#### Directions:
Could you restate every entry word for word, minus the pictures?

+++ The data +++

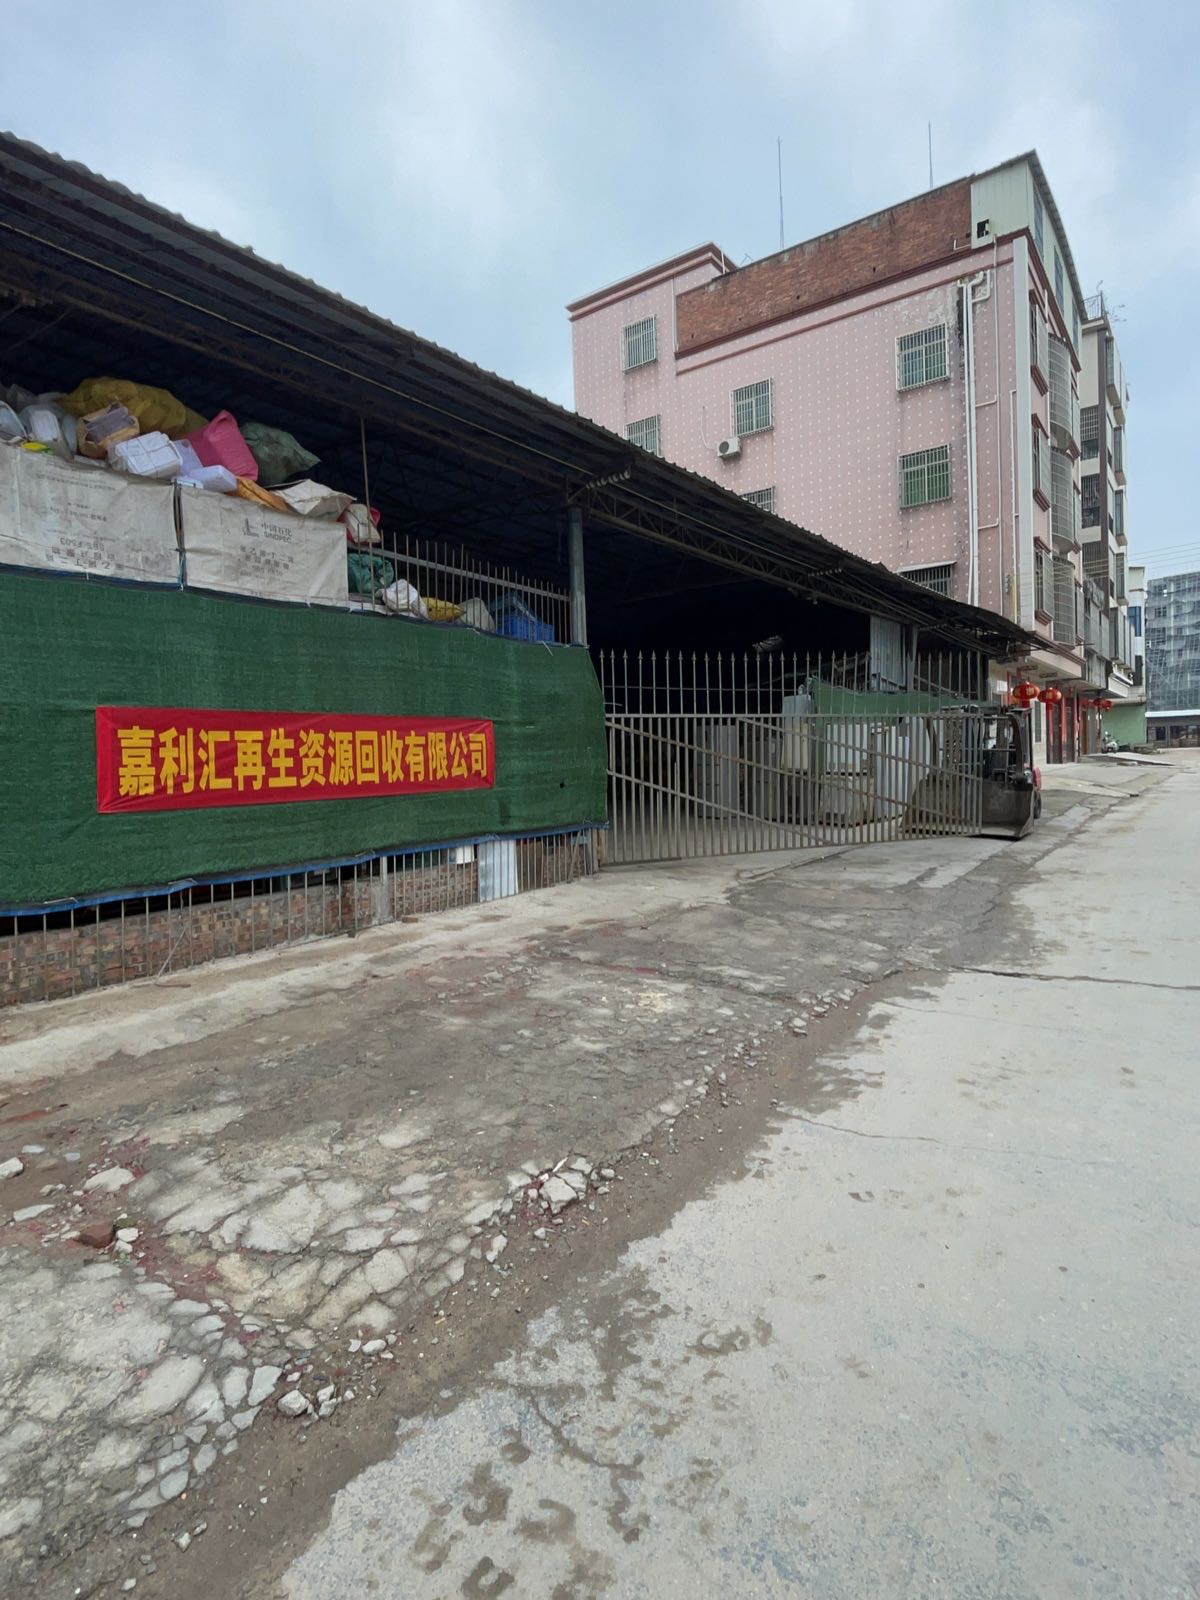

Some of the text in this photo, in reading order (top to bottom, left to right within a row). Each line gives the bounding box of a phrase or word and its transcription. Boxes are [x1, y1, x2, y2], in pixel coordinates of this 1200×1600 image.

[117, 725, 488, 796] 嘉利汇再生资源回收有限公司
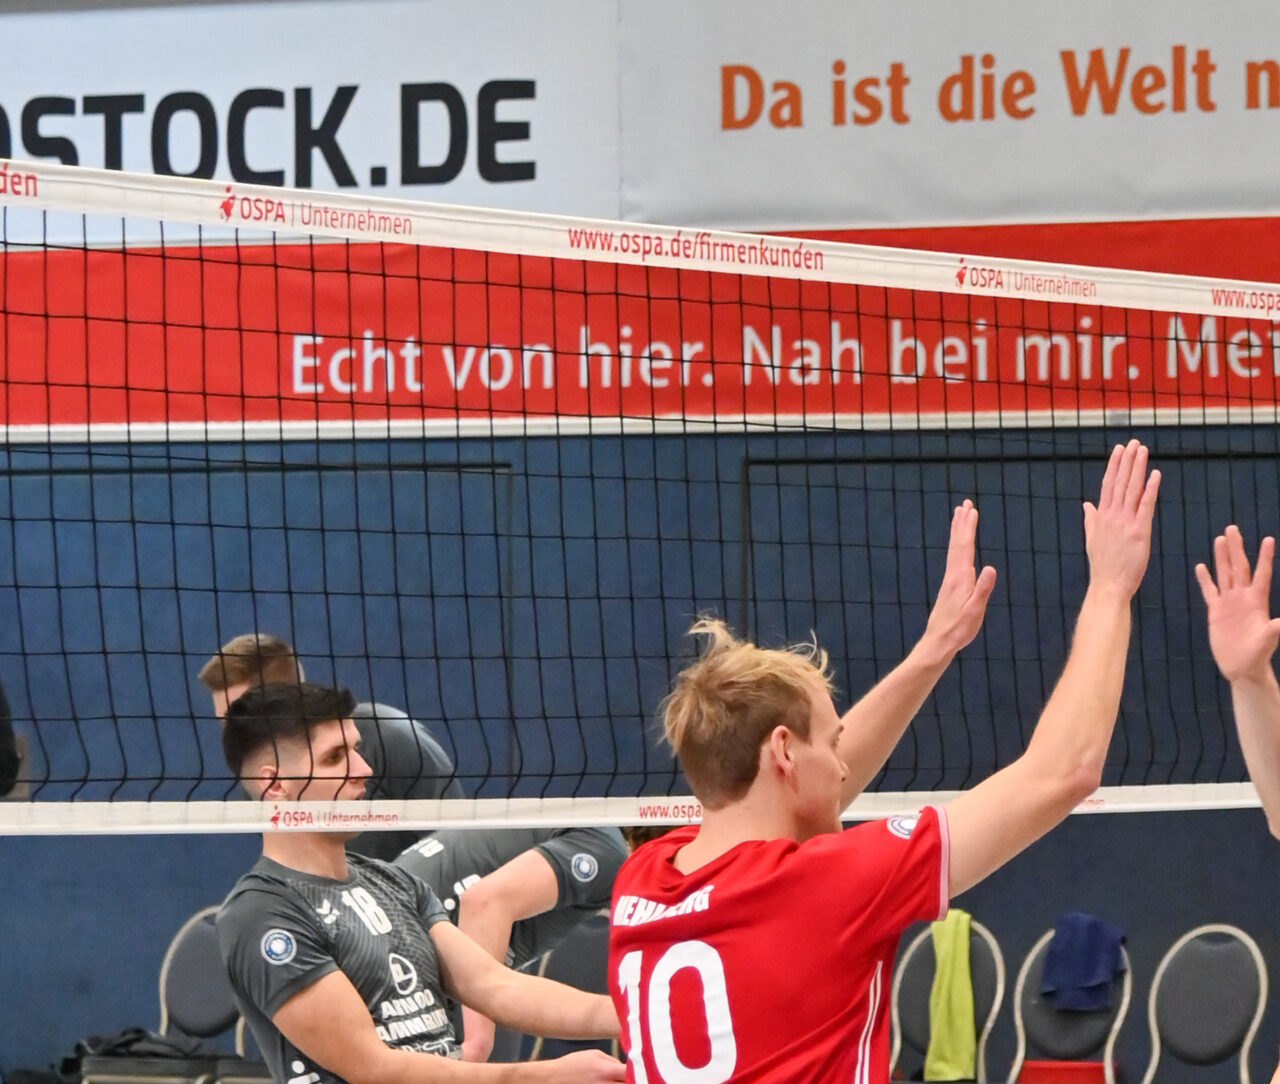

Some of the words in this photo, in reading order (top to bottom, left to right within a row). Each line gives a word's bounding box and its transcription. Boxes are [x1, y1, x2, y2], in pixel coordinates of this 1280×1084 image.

[720, 63, 803, 130] Da
[832, 59, 911, 126] ist
[937, 54, 1037, 122] die
[1060, 44, 1217, 116] Welt
[0, 80, 537, 189] STOCK.DE
[240, 197, 286, 224] OSPA
[301, 203, 413, 235] Unternehmen
[568, 227, 825, 270] www.ospa.de/firmenkunden
[969, 267, 1004, 289] OSPA
[1014, 271, 1097, 297] Unternehmen
[293, 329, 425, 394] Echt
[442, 344, 555, 391] von
[580, 324, 715, 388] hier.
[742, 320, 864, 387] Nah
[890, 318, 990, 385] bei
[1016, 315, 1141, 382] mir.
[282, 811, 314, 828] OSPA
[324, 811, 399, 828] Unternehmen
[341, 886, 393, 937] 18
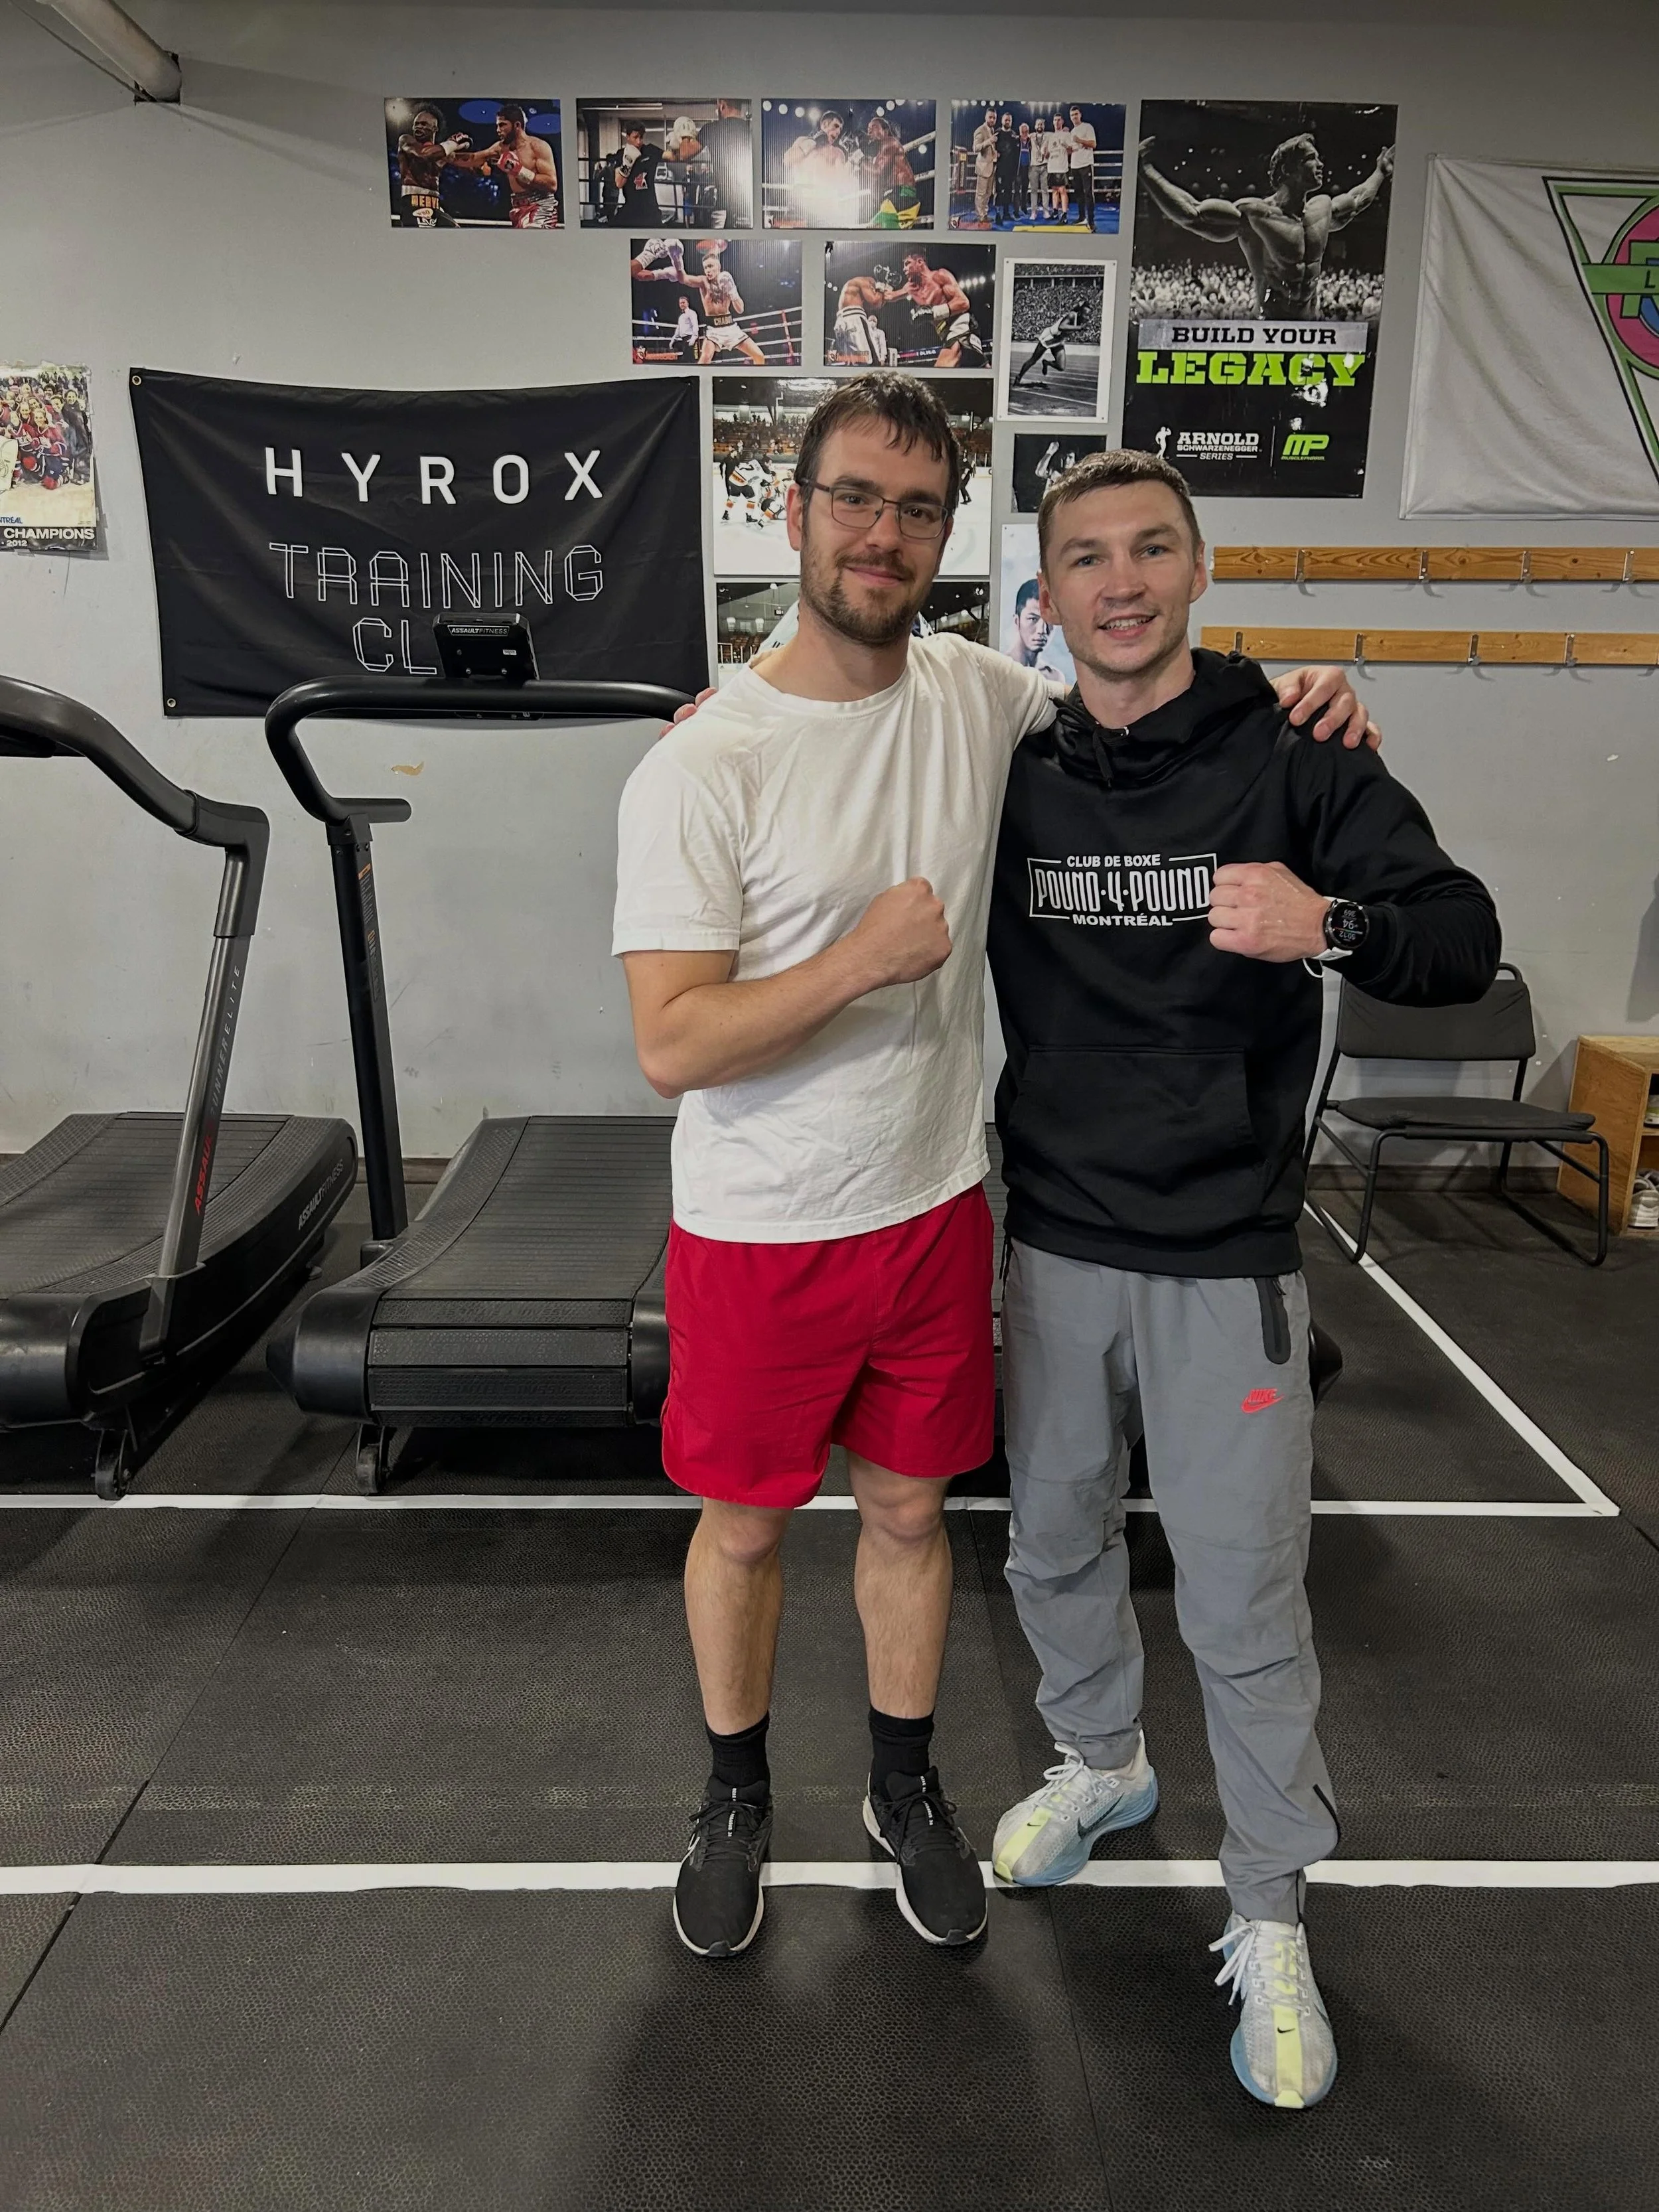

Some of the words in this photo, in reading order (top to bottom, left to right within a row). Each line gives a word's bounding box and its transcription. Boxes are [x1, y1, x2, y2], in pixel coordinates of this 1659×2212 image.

[1172, 327, 1254, 343] BUILD
[1263, 328, 1336, 344] YOUR
[1136, 351, 1366, 387] LEGACY
[1177, 432, 1259, 445] ARNOLD
[265, 447, 603, 504] HYROX
[3, 528, 96, 540] CHAMPIONS
[269, 542, 603, 609] TRAINING
[1066, 855, 1101, 867] CLUB
[1104, 855, 1121, 867] DE
[1123, 854, 1161, 867] BOXE
[1072, 913, 1173, 926] MONTRÉAL

+++

#### Completed task:
Some of the text in this photo, in reading order (top to bottom, left to right within a row). Each line gives the bounding box of a phrase or word and its transcription. Boxes are [x1, y1, x2, y2], in pixel coordinates of this 1200×1600 image.

[117, 725, 488, 796] 嘉利汇再生资源回收有限公司

Some of the words in this photo, in reading order (top to bottom, left to right within a row). Each line gives a word's bounding box and its transcription. Boxes are [x1, y1, x2, y2], in pixel coordinates of this 1280×1084 image.

[720, 63, 803, 130] Da
[832, 59, 911, 126] ist
[937, 54, 1037, 122] die
[1060, 44, 1217, 116] Welt
[0, 80, 537, 189] STOCK.DE
[240, 197, 286, 224] OSPA
[301, 203, 413, 235] Unternehmen
[568, 227, 825, 270] www.ospa.de/firmenkunden
[969, 267, 1004, 289] OSPA
[1014, 271, 1097, 297] Unternehmen
[293, 329, 425, 394] Echt
[442, 344, 555, 391] von
[580, 324, 715, 388] hier.
[742, 320, 864, 387] Nah
[890, 318, 990, 385] bei
[1016, 315, 1141, 382] mir.
[282, 811, 314, 828] OSPA
[324, 811, 399, 828] Unternehmen
[341, 886, 393, 937] 18

Some of the words in this photo, in reading order (top to bottom, left to right within a row). Each line gives a word's bounding box and its transcription. Boxes are [x1, y1, x2, y2], in pixel coordinates of this 1659×2212 image.

[1172, 327, 1254, 343] BUILD
[1263, 328, 1336, 344] YOUR
[1136, 351, 1366, 387] LEGACY
[1177, 432, 1259, 445] ARNOLD
[265, 447, 603, 504] HYROX
[3, 528, 96, 540] CHAMPIONS
[269, 542, 603, 609] TRAINING
[1066, 855, 1101, 867] CLUB
[1104, 855, 1121, 867] DE
[1123, 854, 1161, 867] BOXE
[1072, 913, 1173, 926] MONTRÉAL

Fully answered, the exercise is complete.